Antialbuminuric Effects of Valsartan and Lisinopril

Novartis

Status and phase

Terminated

Phase 4

Conditions

Hypertension

Early Diabetic Nephropathy

Treatments

Drug: VALSARTAN, VALSARTAN PLUS HCTZ, LISINOPRIL, LISINOPRIL PLUS HCTZ

Study type

Interventional

Funder types

Industry

Identifiers

NCT00171600

CVAL489AES15

Details and patient eligibility

About

Title: Antialbuminuric effect of valsartan, lisinopril and valsartan versus lisinopril in non-diabetic and diabetic renal disease: a randomized (3:3:1), open label, parallel group, 20 weeks follow-up.

Objective: To evaluate the antialbuminuric effect of high doses of valsartan vs lisinopril vs combo treatment in non-diabetic and diabetic patients.

Hypothesis: Combo treatment reduces microalbuminuria and the albumin/creatinine ratio more than monotherapies..
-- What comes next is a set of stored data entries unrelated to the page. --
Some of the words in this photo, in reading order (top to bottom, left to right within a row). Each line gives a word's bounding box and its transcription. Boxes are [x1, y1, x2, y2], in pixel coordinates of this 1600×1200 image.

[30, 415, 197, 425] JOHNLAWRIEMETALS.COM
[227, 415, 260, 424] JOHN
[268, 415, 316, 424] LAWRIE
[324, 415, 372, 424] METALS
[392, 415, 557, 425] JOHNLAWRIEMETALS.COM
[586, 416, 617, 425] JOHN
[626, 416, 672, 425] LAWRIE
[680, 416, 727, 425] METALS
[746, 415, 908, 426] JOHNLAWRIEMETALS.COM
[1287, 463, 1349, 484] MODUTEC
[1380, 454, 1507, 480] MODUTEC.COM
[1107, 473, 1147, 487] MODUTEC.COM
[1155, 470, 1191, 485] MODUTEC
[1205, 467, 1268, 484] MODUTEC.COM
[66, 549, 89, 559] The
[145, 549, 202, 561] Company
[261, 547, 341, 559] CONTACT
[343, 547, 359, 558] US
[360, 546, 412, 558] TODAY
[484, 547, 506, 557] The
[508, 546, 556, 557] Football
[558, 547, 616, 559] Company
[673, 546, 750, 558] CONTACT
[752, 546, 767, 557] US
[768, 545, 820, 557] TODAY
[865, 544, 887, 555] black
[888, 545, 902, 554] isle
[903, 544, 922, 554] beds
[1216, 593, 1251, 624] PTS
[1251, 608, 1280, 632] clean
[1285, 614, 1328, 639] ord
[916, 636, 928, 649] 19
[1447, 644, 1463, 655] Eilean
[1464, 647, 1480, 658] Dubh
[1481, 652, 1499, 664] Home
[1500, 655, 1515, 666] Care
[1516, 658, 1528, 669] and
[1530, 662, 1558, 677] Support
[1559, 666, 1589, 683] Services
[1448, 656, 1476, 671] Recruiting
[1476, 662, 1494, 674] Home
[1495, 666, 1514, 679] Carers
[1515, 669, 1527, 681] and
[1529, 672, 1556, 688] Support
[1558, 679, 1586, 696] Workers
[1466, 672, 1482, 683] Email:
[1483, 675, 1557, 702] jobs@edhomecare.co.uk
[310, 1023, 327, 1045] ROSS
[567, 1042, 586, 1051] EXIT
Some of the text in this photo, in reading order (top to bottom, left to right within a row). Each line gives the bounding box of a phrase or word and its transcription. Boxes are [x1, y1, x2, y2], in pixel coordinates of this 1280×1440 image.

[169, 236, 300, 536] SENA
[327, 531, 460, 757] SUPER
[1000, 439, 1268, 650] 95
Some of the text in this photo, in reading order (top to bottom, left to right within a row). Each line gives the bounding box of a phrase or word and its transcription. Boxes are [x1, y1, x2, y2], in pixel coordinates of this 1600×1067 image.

Design: Multicentric, randomized, open label, parallel group, active controlled.

Dose / regimen: Valsartan 320 vs Lisinopril 40 vs Valsartan/lisinopril 160/20

Primary Endpoint: Antialbuminuric effect of valsartan 320 mg, lisinopril and valsartan versus lisinopril 40 mg in non-diabetic and diabetic renal disease following 5 months of follow-up. Description % of change in albuminuria from baseline at 20 weeks.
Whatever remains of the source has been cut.